Son las dos del mediodía a orillas de una almoneda en las calles de una ciudad vieja. El carpetón es gris. Lo sueldan dos cuerdas granates, que oprimen las tapas como un corpiño decimonónico. Desbaratado el nudo, asoma un buen puñado de folios amarillos. Muchos de ellos con una firma en la parte inferior. Al primer vistazo, el cliente que no era transpira unas ganas desmesuradas de serlo. "¿A ver? Déjame, déjame". Y el chamarilero le acerca y le aleja "los papeles de la República" en un contoneo que no hace ni puñetera gracia al sujeto, de gabardina blanca y blasfemia en la punta de la lengua.

Cuando por fin los agarra, acerca el hocico y los va describiendo en voz alta: "Unos están a escritos a mano, otros a máquina... ¿Quién es toda esta gente?". El anticuario asoma las manos a través de las mangas interminables de un abrigo verde y recupera su botín con una brusquedad que patina en la frontera de la educación: "Ya me los he leído. Uno por uno. La mayoría son monjas y frailes asesinados durante el verano de 1936. Una librería me da ochocientos euros".

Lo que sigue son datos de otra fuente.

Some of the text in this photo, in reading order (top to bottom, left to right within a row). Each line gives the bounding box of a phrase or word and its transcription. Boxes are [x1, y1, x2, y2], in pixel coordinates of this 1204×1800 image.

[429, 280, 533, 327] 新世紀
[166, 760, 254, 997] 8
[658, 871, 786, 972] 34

El cliente vuelve a extender las manos en señal de súplica y el chamarilero le concede otra lectura desde su taburete al borde de la carretera. Ésta de dos o tres minutos. Cada expediente, legajo o como quiera que se llame contiene una ristra de apellidos. Su propietario se niega a desvelar la procedencia. Otorga importancia al hallazgo. Con una ecuanimidad obligada por su experiencia en los rastrillos, deja entrever que también vendió en su día las huellas de los excesos falangistas y carlistones.

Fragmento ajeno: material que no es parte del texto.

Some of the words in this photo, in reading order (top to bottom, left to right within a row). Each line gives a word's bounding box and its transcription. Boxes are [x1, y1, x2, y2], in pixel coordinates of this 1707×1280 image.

La escena transcurre sin cortinas, en plena acera, ante el explícito desinterés de quienes esquivan a los dos protagonistas. Escuchan "asesinato", "fusilamientos", "fosas"... Y pasan de largo. Dice Trapiello que la gran tragedia de la guerra es que los hijos de los combatientes nunca sabrán lo que pasó. Una realidad sellada por dos circunstancias: el silencio de los supervivientes -el intencionado de los vencedores y el arrancado a los vencidos-... y el alarmante desentendimiento de las nuevas generaciones. A veinteañeros y treintañeros la Guerra Civil ya nos suena a "reyes católicos" o "descubrimiento de América". Asesinos y asesinados nos resultan ajenos en la entraña, como si fueran meros rostros de película o novela.

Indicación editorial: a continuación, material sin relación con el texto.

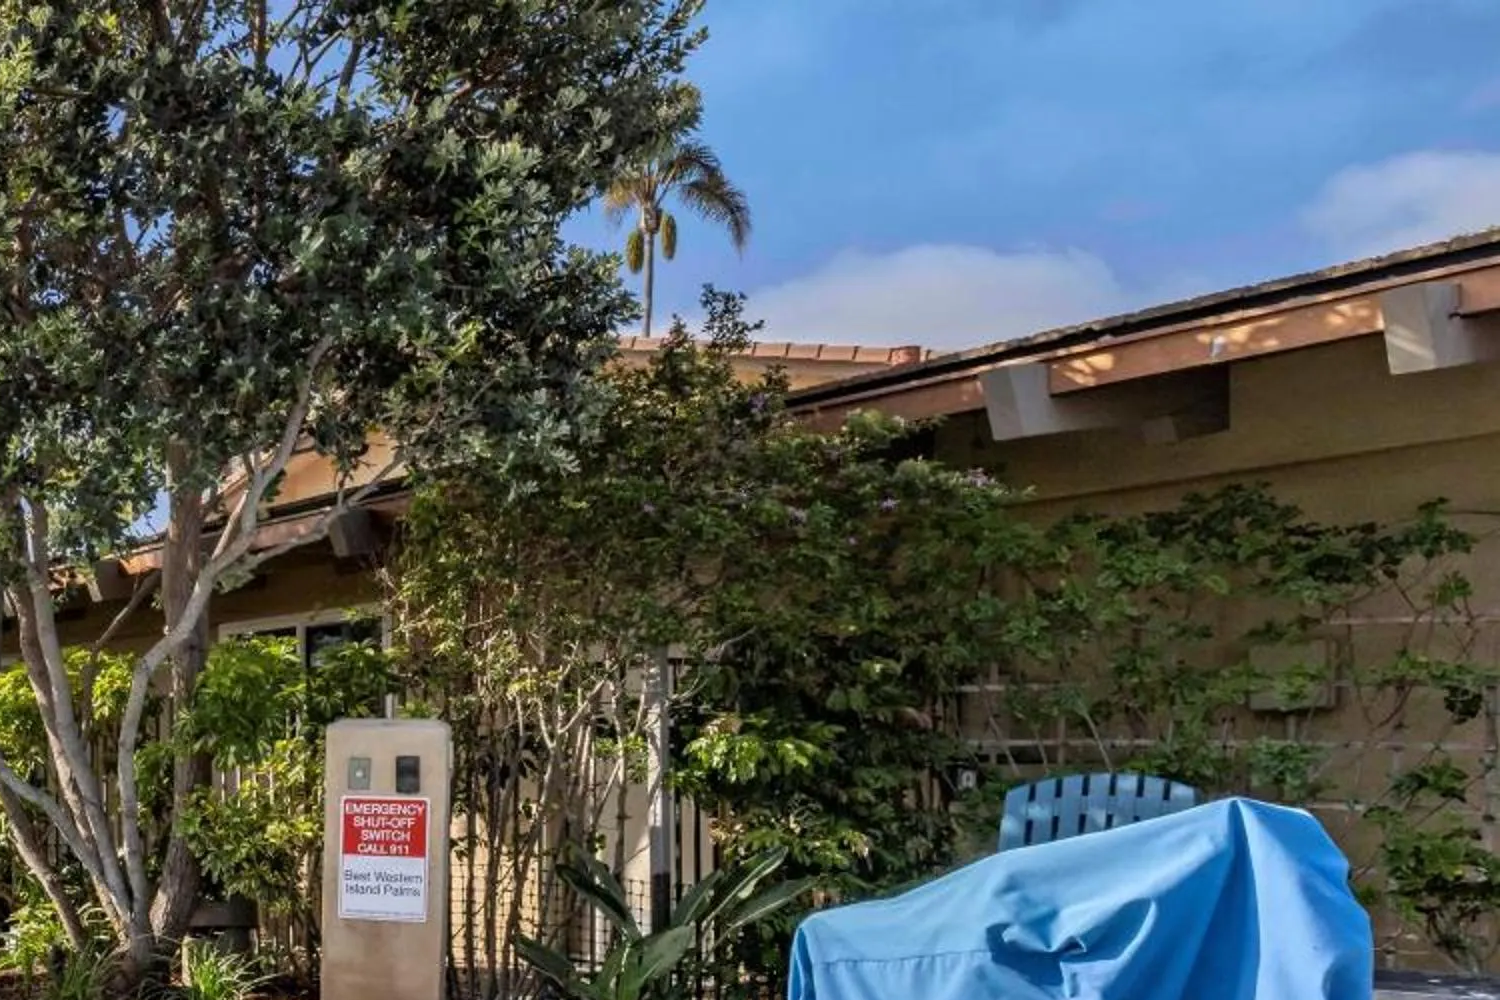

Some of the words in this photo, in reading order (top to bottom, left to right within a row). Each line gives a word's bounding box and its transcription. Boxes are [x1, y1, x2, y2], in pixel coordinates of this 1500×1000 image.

Hay que hablar de la guerra, claro. Y no tanto de Franco. De sus atrocidades casi todo se sabe. El "es muy tarde para remover" es hoy la excusa, pero también lo fue en los ochenta. Nunca existió la oportunidad. Busquemos los papeles ocultos, que todavía son muchos. Los mapas de aquellos que fueron carne de cañón. Viven sus hijos, a punto de irse. Merecen asomarse a la fosa, recuperar sus huesos y descansar. ¿Qué importa el féretro de un dictador cuando miles de víctimas no tienen el suyo?